Japan executed three people yesterday, including notorious serial killer Tsutomu Miyazaki, a fetishist convicted of murdering four young girls and eating some of their bodies, officials said.
Miyazaki, 45, was nicknamed the “killer nerd” for his obsession with sexual cartoons and pornography. But defense lawyers contended he was mentally ill and could not be held fully responsible for his actions.
Japan is the only major industrialized nation other than the US to apply the death penalty and has been stepping up the pace of executions, which enjoy wide public support.
“We are carrying out executions by selecting the people whom we can execute with a feeling of confidence and responsibility,” Japanese Justice Minister Kunio Hatoyama told a press conference.
Hatoyama said he had signed the order to send the trio to the gallows to “realize justice.”
He said he was aware that Miyazaki’s defense counsel had been preparing to seek a retrial with a fresh psychiatric test.
Shigeru Hashizume, 75, who headed the police investigation into the Miyazaki killings, said the execution had “drawn the curtain” on the case.
“I hope this will teach young people a lesson that they would end up like this if they commit a felony,” Hashizume said, as quoted by Jiji Press.
Miyazaki was arrested in July 1989 while trying to take naked pictures of a girl outdoors and the details that emerged from his case stunned Japan.

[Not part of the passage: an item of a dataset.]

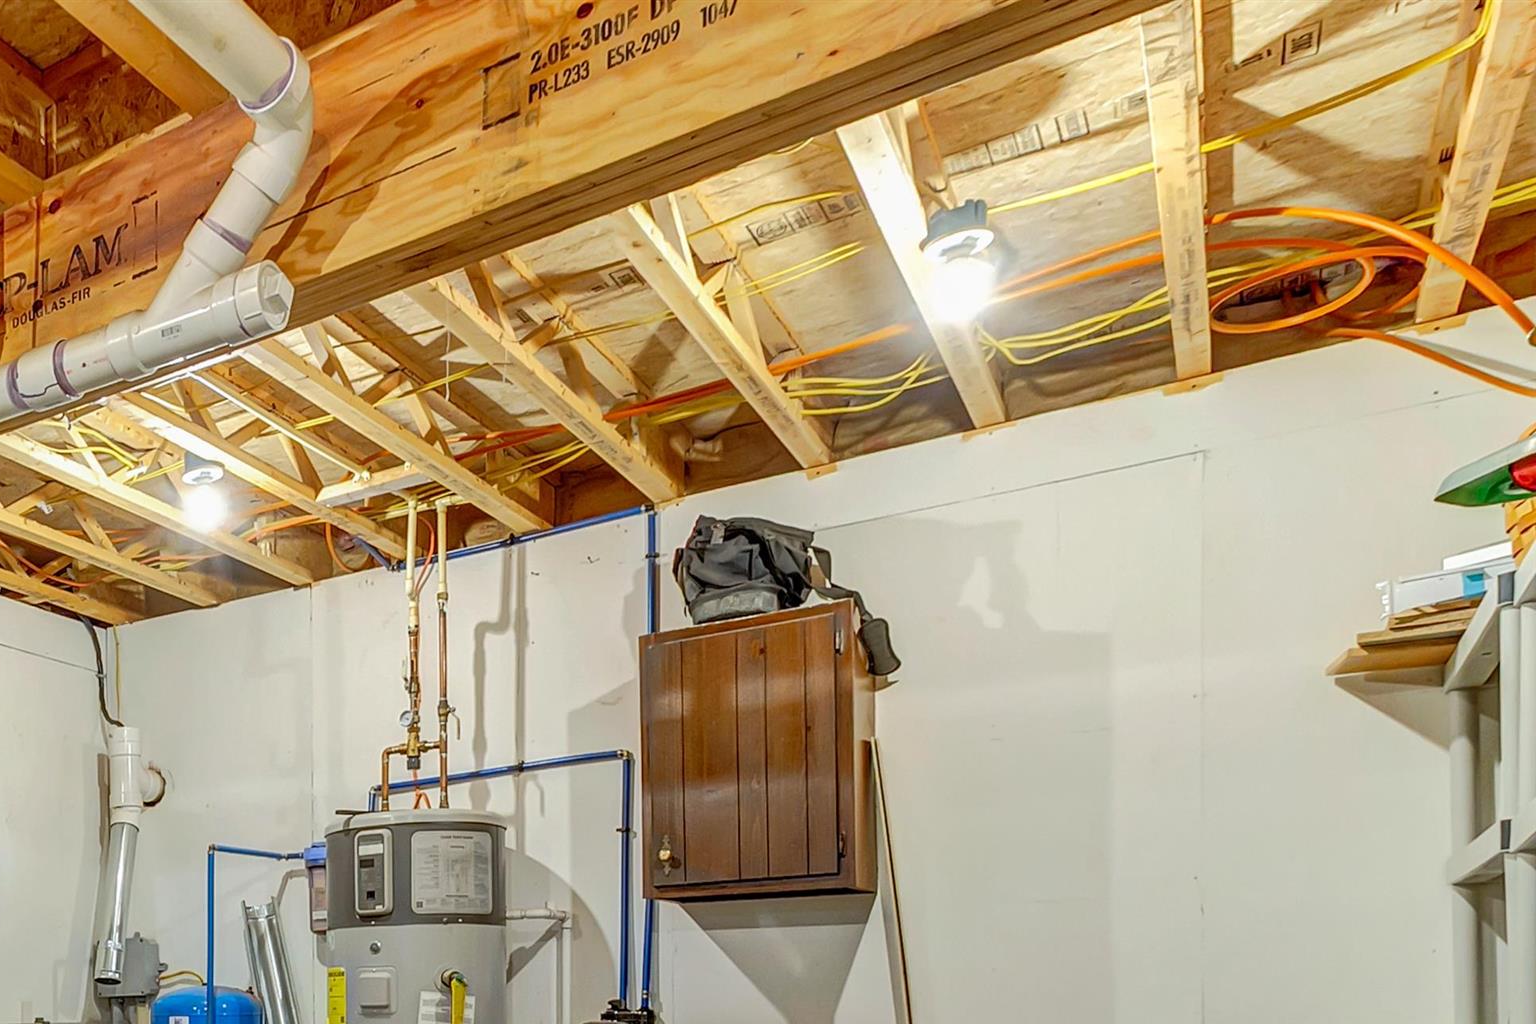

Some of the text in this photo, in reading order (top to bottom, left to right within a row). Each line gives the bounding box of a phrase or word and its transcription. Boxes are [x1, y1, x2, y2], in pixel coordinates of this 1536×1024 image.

He confessed to having killed four girls, aged between four and seven, in Tokyo and its suburbs and eating some of the remains of two of them.
Miyazaki mutilated the bodies of the victims, slept next to the corpses and drank their blood.
During the nearly two-decade judicial process, Miyazaki never uttered a word of remorse.
He also distanced himself from his family. When his father, unable to come to terms with what his son did, jumped into a river to his death in 1994, Miyazaki wrote to a publisher: “I feel refreshed.”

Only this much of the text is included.